The Bourne Legacy
Direction: Tony Gilroy
Actors: Jeremy Renner, Rachel Weisz
The last time we encountered Jason Bourne, the super-agent was displaying his parkour skills over the rooftops of Tangier. In the intervening five years, both Paul Greengrass who helmed the latter two installments of the trilogy and born-to-be Bourne star Matt Damon decided to opt out of the franchise which grossed $1 billion at the global box office.
Enter Jeremy Renner. The action star du jour (Mission: Impossible 4, The Avengers) portrays yet another rogue operative who rumbles with chilling efficiency to annihilate anyone who poses a threat to him.
The plotline of The Bourne Legacy is madly confounding. The director of a US intelligence agency (Edward Norton, a dour new recruit to the series) orders the elimination of the elite Bourne-like spy (Renner) who is part of a covert government programme.

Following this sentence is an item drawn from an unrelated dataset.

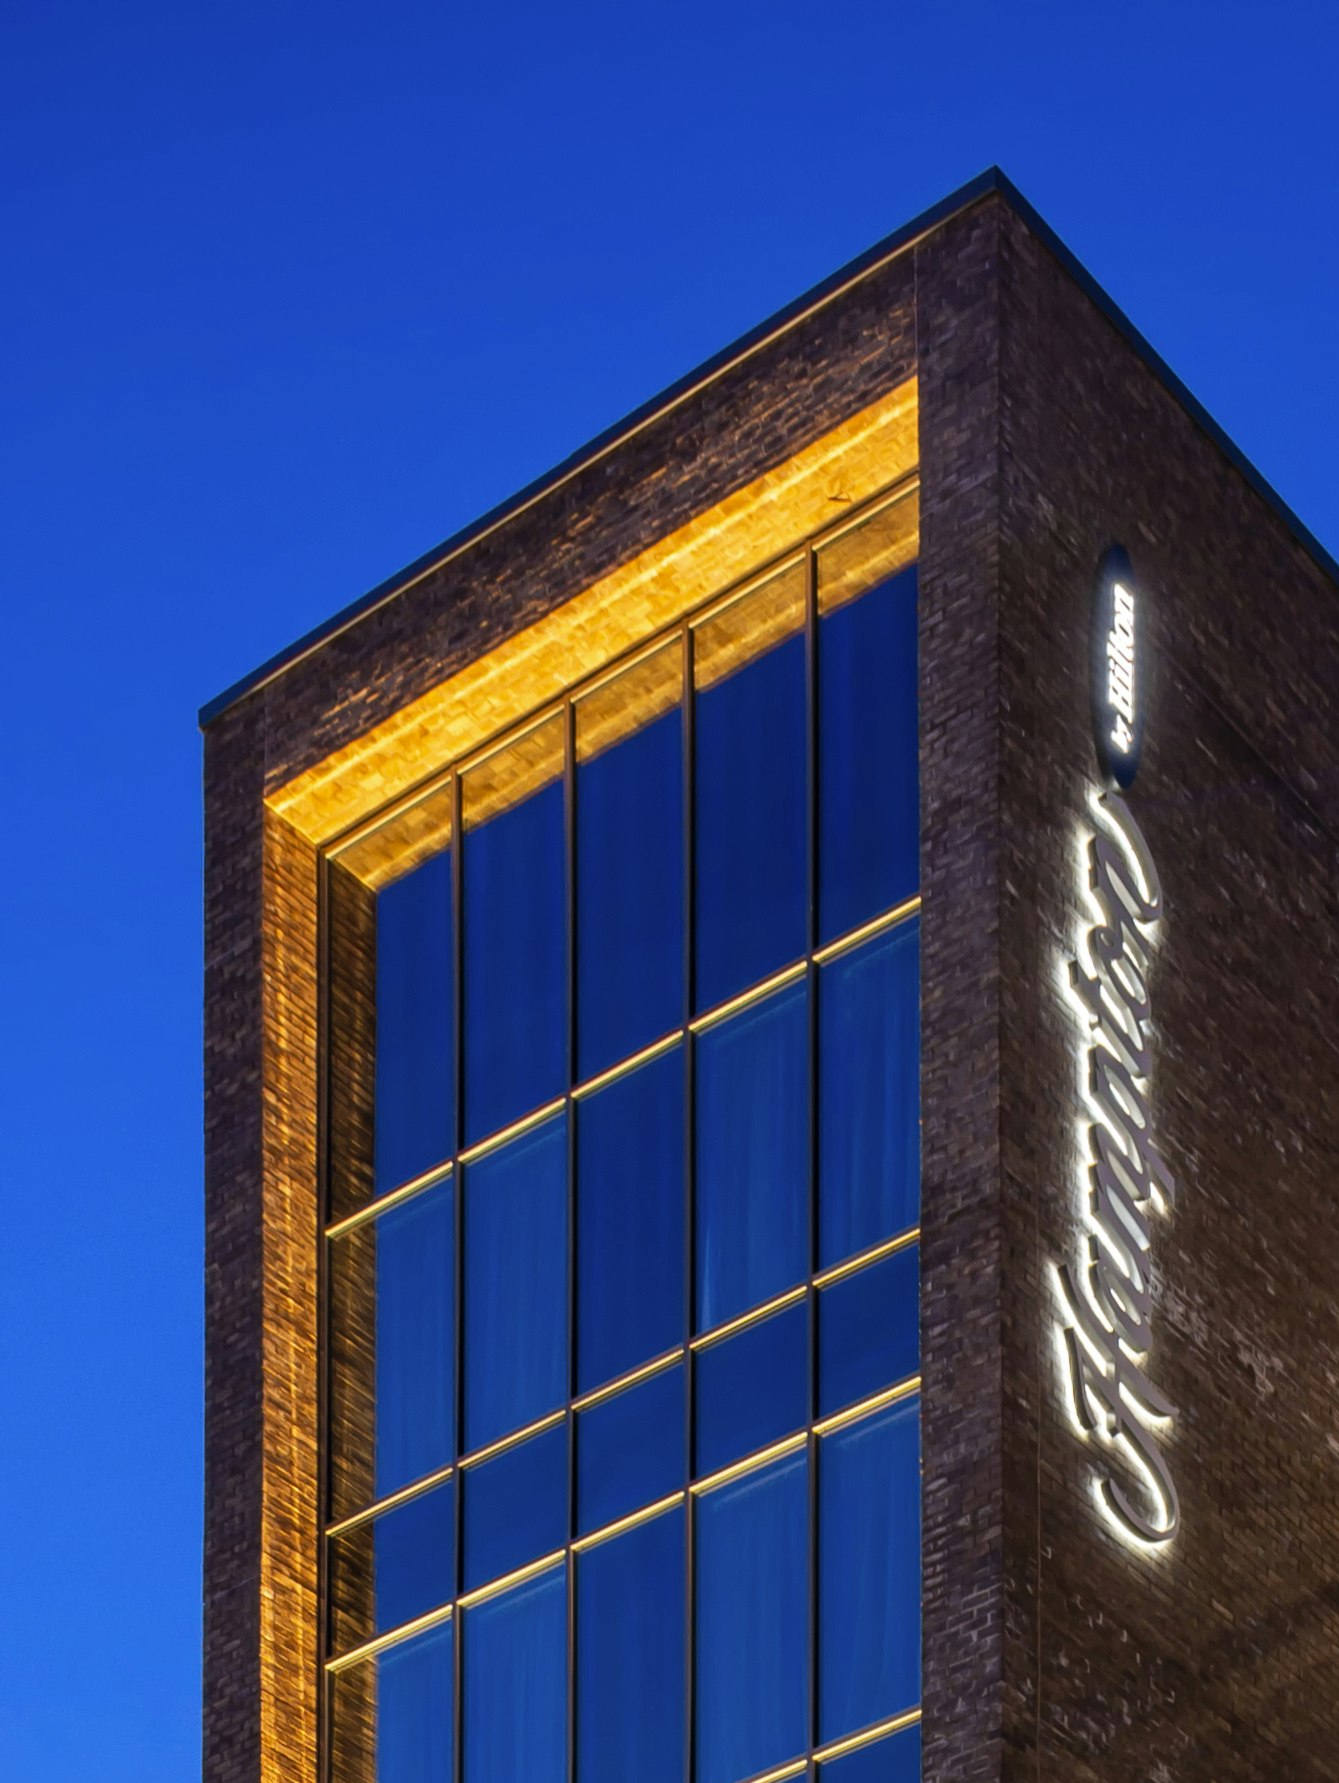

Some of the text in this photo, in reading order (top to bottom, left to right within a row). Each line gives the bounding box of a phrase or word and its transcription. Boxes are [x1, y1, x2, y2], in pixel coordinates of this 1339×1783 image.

It seems that the genetically enhanced agent is dependent on a daily fix of pills to hone his combat capabilities. After surviving an assassination attempt in the wilds of Alaska, he teams up with a frazzled research scientist (Weisz) who may have an antidote for the pharmaceutical experiment gone wrong.
Amidst all the near-death incidents, the duo-in-distress even finds time for some amorous hokum. It also doesn’t say much for the conspiracy thriller that we never feel that the couple running for their lives is in any real danger.

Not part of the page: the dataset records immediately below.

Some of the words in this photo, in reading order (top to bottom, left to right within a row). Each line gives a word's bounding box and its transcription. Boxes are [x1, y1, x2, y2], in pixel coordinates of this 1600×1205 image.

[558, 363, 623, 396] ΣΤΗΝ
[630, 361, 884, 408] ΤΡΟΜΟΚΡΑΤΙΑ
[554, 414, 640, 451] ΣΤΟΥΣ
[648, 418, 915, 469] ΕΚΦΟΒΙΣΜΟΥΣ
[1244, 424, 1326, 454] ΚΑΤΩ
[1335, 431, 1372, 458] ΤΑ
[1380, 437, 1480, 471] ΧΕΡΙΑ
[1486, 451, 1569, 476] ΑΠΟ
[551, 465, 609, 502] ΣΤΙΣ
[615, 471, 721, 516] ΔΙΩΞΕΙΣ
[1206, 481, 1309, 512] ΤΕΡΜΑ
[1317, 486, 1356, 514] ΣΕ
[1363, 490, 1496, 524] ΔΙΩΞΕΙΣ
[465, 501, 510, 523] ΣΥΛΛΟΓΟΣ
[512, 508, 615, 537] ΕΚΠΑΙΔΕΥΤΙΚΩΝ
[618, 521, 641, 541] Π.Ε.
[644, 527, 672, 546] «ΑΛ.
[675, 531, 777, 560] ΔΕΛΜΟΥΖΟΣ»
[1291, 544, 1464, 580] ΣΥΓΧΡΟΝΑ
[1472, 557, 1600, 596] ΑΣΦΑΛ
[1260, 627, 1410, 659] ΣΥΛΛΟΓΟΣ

Throughout, subtlety and credibility are conspicuous by their absence. Beneath the ultra-slick surface, the drama is devoid of throb and tension.
High on speed and stamina, Jeremy Renner invests his care-worn character with a manic edge. Rachel Weisz, who has been ultra-picky at accepting roles since winning the Best Supporting Actress Academy Award for The Constant Gardener (2005), shares lively chemistry with her leading man Renner.
At best, The Bourne Legacy makes for an undemanding, popcorn-munching matinee.